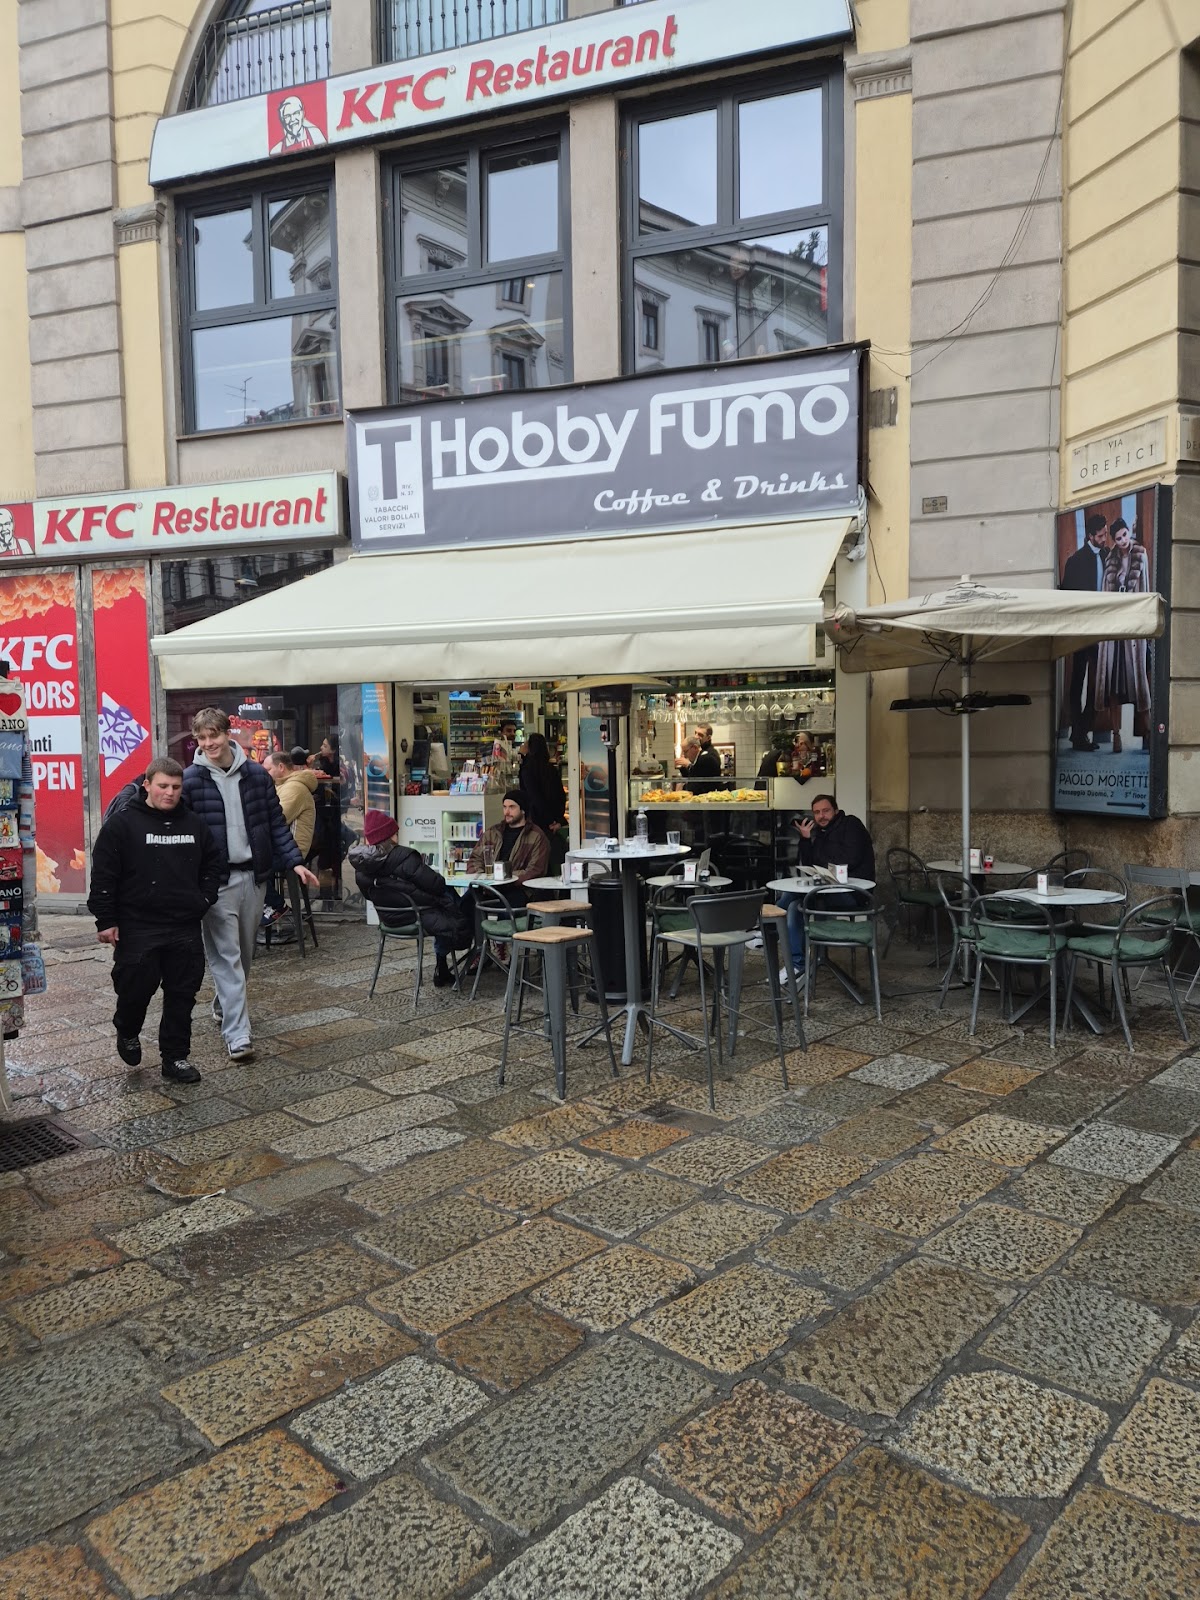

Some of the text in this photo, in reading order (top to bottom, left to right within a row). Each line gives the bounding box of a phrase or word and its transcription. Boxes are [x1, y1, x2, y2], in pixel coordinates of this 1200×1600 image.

[465, 14, 678, 101] Restaurant
[430, 405, 639, 489] Hobby
[1108, 438, 1123, 449] VIA
[1080, 444, 1154, 479] OREFICI
[593, 471, 849, 515] Coffee & Drinks
[152, 487, 327, 536] Restaurant
[374, 505, 408, 513] TABACCHI
[364, 513, 420, 523] VALORI BOLLATI
[379, 523, 405, 531] SERVIZI
[0, 718, 25, 730] ANO
[33, 761, 76, 790] PEN
[1059, 773, 1149, 788] PAOLO MORETTI
[1058, 789, 1086, 797] Passaggio
[414, 818, 436, 826] IQOS
[146, 833, 195, 845] BALENCIAGA
[0, 887, 22, 897] ANO
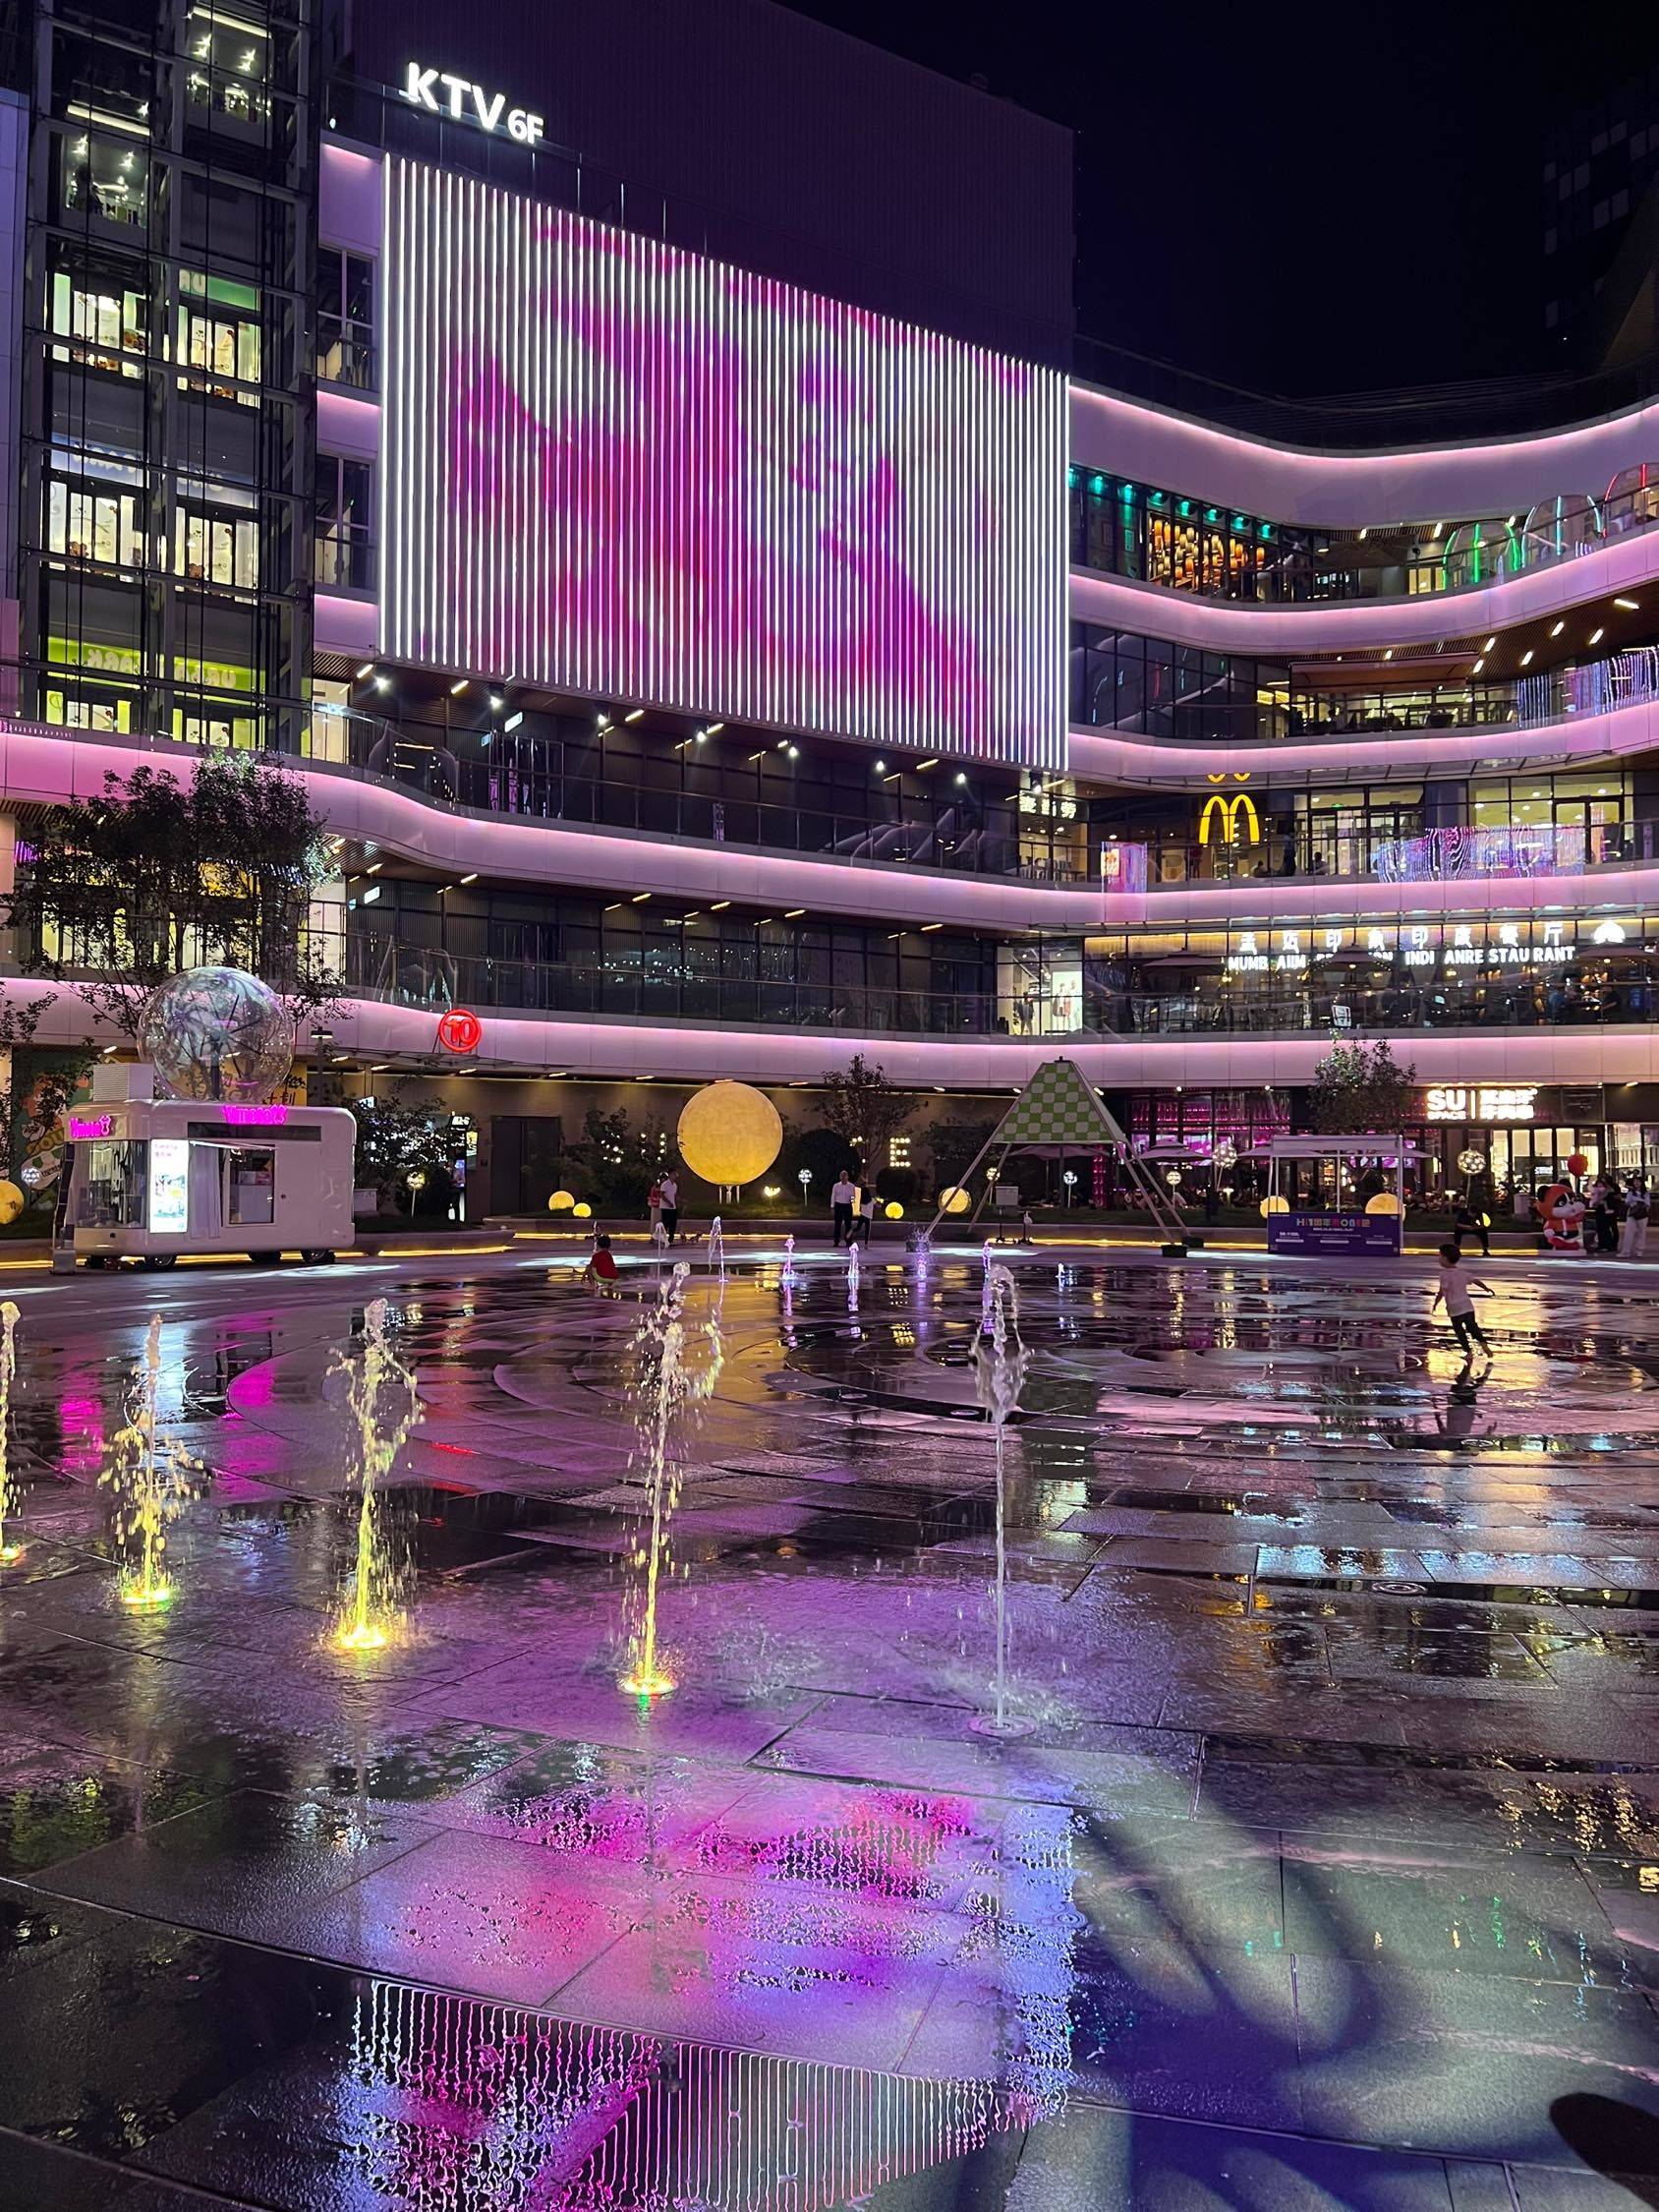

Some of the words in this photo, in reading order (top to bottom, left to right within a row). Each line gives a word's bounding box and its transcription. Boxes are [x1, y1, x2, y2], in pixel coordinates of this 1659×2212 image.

[408, 61, 506, 130] KTV
[507, 108, 544, 144] 6F
[446, 1018, 477, 1044] 10
[1427, 1089, 1466, 1111] SU

- What this task involves -
Only one stretch of the data is wanted: the lines from the one with "Some of the words" through the last, repeated exactly.

- Response to this exercise -
Some of the words in this photo, in reading order (top to bottom, left to right within a row). Each line gives a word's bounding box and its transcription. Boxes are [x1, y1, x2, y2], in pixel coordinates of this 1659×2212 image.

[408, 61, 506, 130] KTV
[507, 108, 544, 144] 6F
[446, 1018, 477, 1044] 10
[1427, 1089, 1466, 1111] SU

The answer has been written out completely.